Here's from from OCBC Investment Research:
Bloomberg’s 380 Centistoke Bunker Fuel Spot Price Singapore Index (BUNKSI38 Index) is currently trading at 9% below the average bunker fuel prices in 2Q12, which is in turn 11% lower QoQ than in 1Q12.
After staying stubbornly high for about a year, bunker fuel prices have finally come off along with the fall in crude oil prices, providing the beleaguered container shipping sector a much needed relief.
Higher freight rates should spell turnaround Moving in the opposite direction, the Shanghai (Export) Containerised Freight Index (SCFI) in 2Q12 averaged 31% higher QoQ, after a 21% gain in 1Q12.
Shipping consultants Drewry this week said shipping liners’ successful rate hikes in major global trade lanes meant most liners are now profitable.
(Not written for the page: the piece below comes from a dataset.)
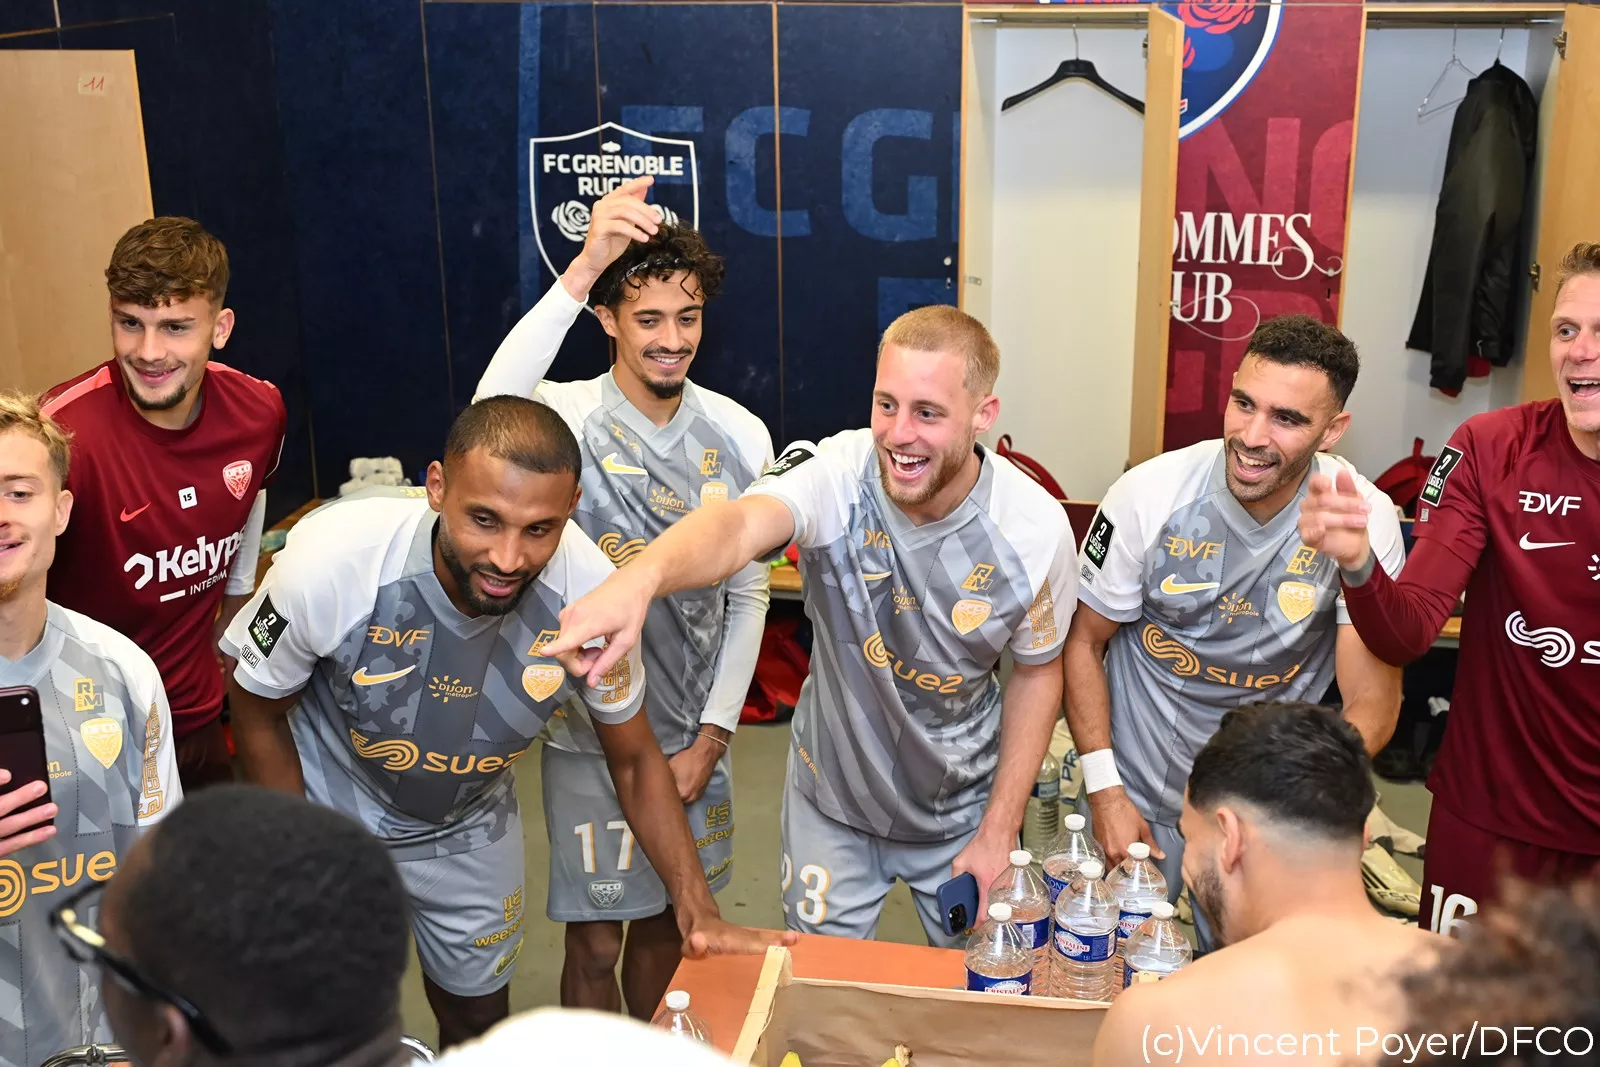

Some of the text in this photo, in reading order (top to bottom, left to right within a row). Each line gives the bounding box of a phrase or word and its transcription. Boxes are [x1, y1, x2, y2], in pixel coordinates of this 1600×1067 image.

And the successful rate hikes are the result of shipping liners’ collective discipline in managing container shipping capacity.
For the rest of 2012, capacity management remains the key to shipping liners’ profitability. While eastbound transpacific shipping demand remains strong, the outlook for Asia-Europe routes is still bleak and is unlikely to see a strong peak shipping season this year.